Did you know that FNMA has announced the discontinuance of the HomePath and HomePath Renovation products? Do you have clients searching for a FNMA owned property and would like to use the current enhancements such as no MI and no appraisal? Well, they must have the contract of sale executed on or before October 6, 2014 in order to use the existing features, although the loan will need to close sometime in January/February 2015 (final date to be determined).
The HomePath Program also allows for 10% down investment property with NO PMI. This will also go away leaving only the minimum 20% down for investment property that is available with current guidelines.

After October 6th, FNMA owned properties must use other financing options.   If a renovation product is requested, it must follow either the HomeStyle or 203K program guidelines.  The HomeStyle renovation program is not impacted by this change.
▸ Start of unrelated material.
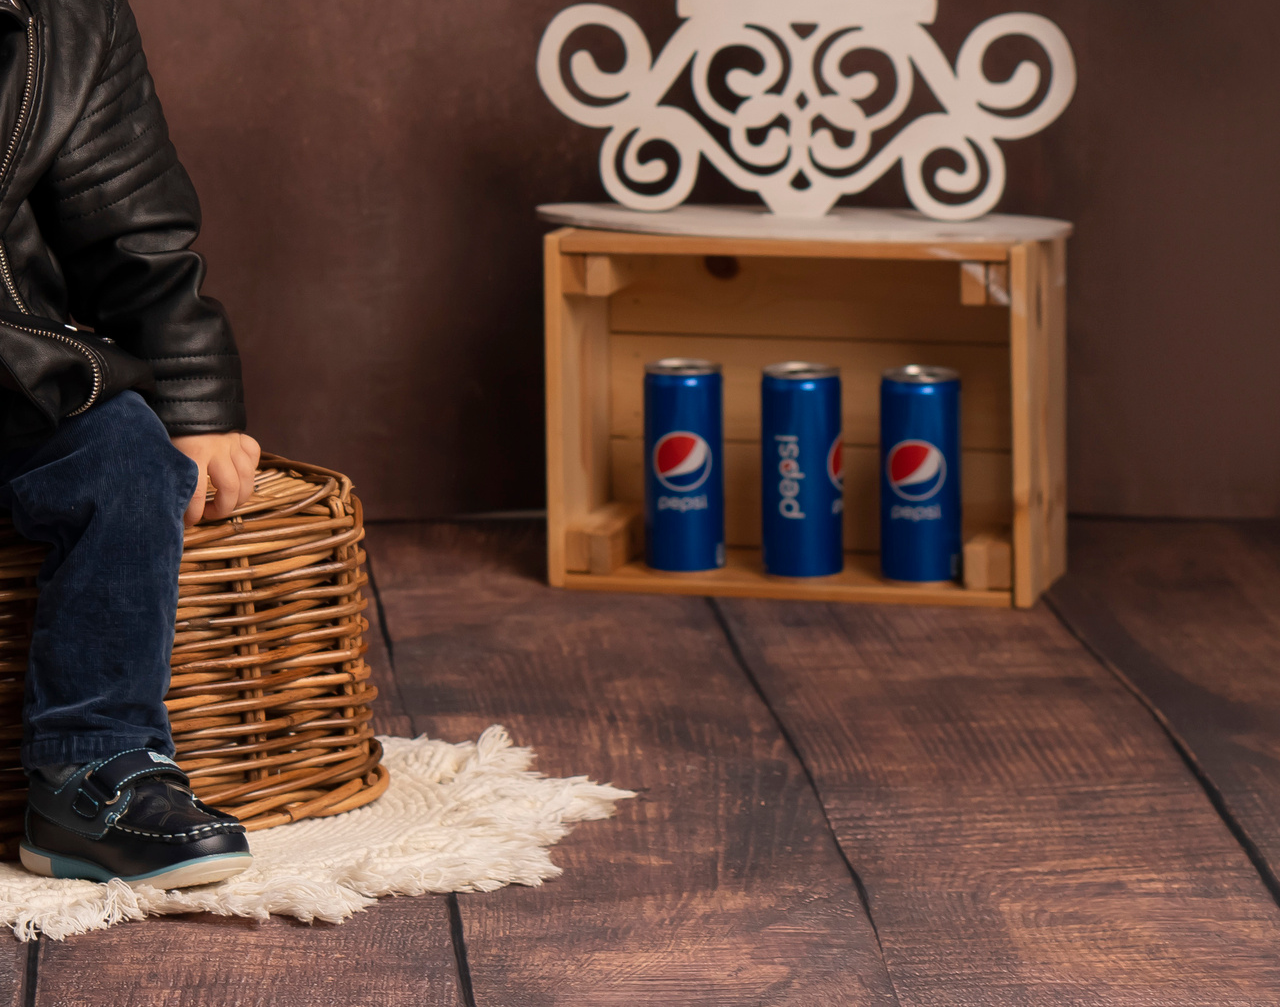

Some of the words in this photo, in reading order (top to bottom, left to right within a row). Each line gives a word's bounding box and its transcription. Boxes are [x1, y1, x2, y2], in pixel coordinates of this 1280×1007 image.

[774, 434, 805, 520] pepsi
[657, 493, 708, 512] pepsi
[891, 502, 942, 522] pepsi
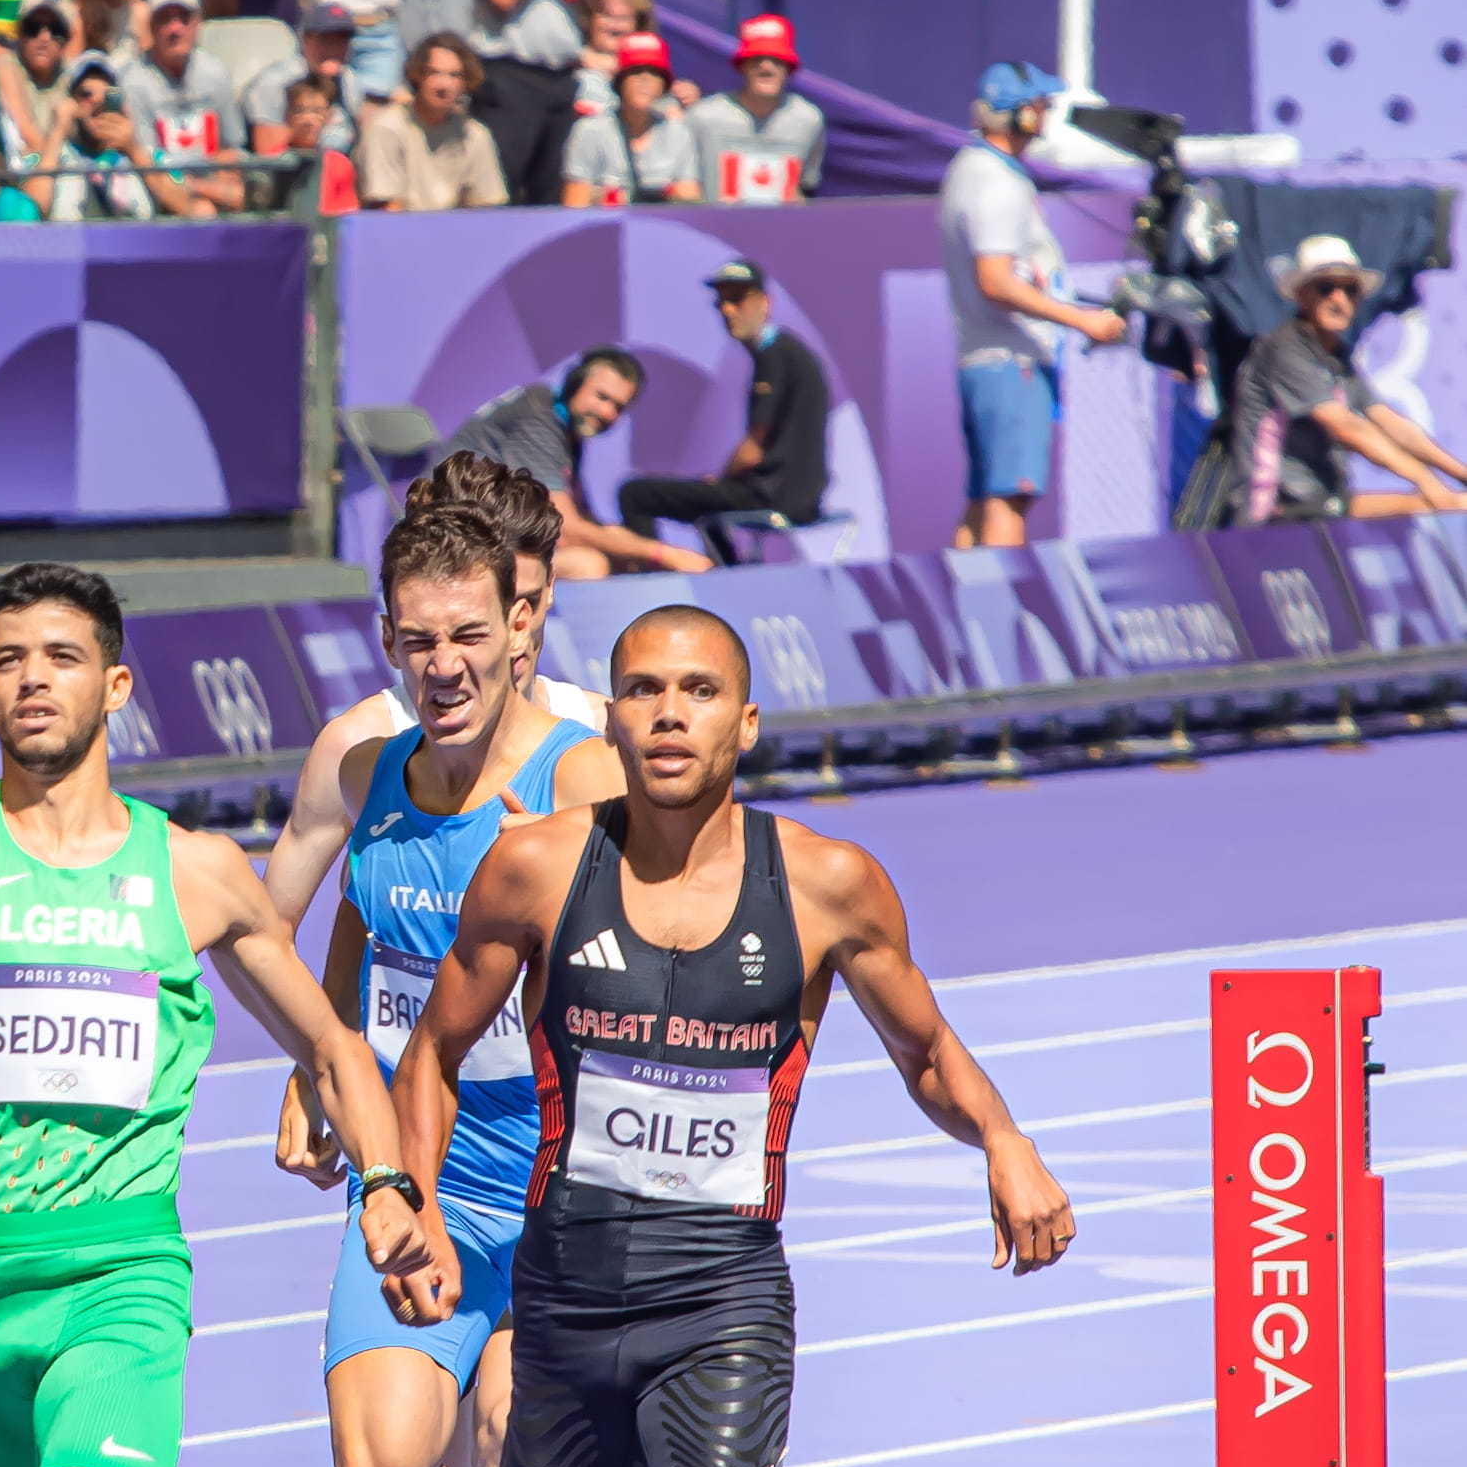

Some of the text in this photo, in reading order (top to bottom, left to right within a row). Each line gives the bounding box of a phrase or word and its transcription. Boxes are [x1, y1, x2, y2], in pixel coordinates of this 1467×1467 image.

All is still quiet on the federal legal front but keep watch for an email from me or from NAMB. In the last meeting with the CFPB, NAMB was informed that the CFPB would need specific questions answered in order to assist the mortgage industry and assist in changes needed in the implementation of the Dodd-Frank Wall Street Reform Act. We will be sending out a call to action within the next couple of weeks to help answer the questions.
However, on the state side, AB 1700 is still sitting on the Governor’s desk for signature. If signed, this bill would require a seven day cooling off period for the senior once they receive their reverse mortgage counseling certificate. Additionally, it will also require a final signature plus a new worksheet to be used for each client. The original version of the bill would have required a statement that Reverse Mortgages may not be a proper financing option in all cases but that verbiage was removed. We anticipate this bill being signed by the Governor soon.
Support needed for one of our own:

Past CAMB President, Ted Grose is running for State Assembly. He has worked for over 32 years in the real estate industry, specializing in finance. Ted has personally founded, co-founded or led four real estate finance companies. He has been and remains intimately involved with sustainable homeownership through consumer advocacy. He is a CAMP member as well as past board member for NAMB. In a time of change, we need to have one of our own helping us fight for consumer advocacy. He has worked hard for us and now he needs our help. You can help him by donating to his campaign: Click Here

Upcoming Chapter Events:

Today!

Orange County CAMP presents Social Media Boot Camp Mixer with Katie Wagner, October 1, 2014 from 4pm to 8pm at Il Fornaio Restaurant, Irvine CA

Orange County Presents The 2nd Annual Golf Tournament October 6, 2014 at Tijeras Creek Golf Course 29082 Tijeras Creek, Rancho Santa Margarita, CA. Contact Melanie McAllister 949-468-2614 or Melanie.mcallister@occamp.org

Silicon Valley CAMP presents Think Outside the Box: Non QM Loans? Friday, October 10, 2014 at Three Flames Restaurant, Banquet Room, 1547 Meridian Avenue, San Jose, CA. Registration is not required.
East Bay CAMP presents Perfect your Presentation Skills with Kitty Cole, Wednesday October 15, 2014 from 4pm to 6:30 pm at Arch Mortgage Insurance Company, 3003 Oak Road, First Floor Training Room, Walnut Creek, CA . Don’t forget to bring your referral partners! For more information, contact Bob Schwab at bschwab@rpm-mtg.com or 925-330-6588

Do you need your to take your Continuing Education? Check out these chapters who are offering the live classes:
East Bay Chapter on Monday, October 6 ,2014 at Training Room of Arch Mortgage, 3003 Oak Road (near Treat & 680), Walnut Creek, CA. CAMP Members, contact – Audrey Boissonou, East Bay CAMP President, 925-788-1351 for your discount code and for more information.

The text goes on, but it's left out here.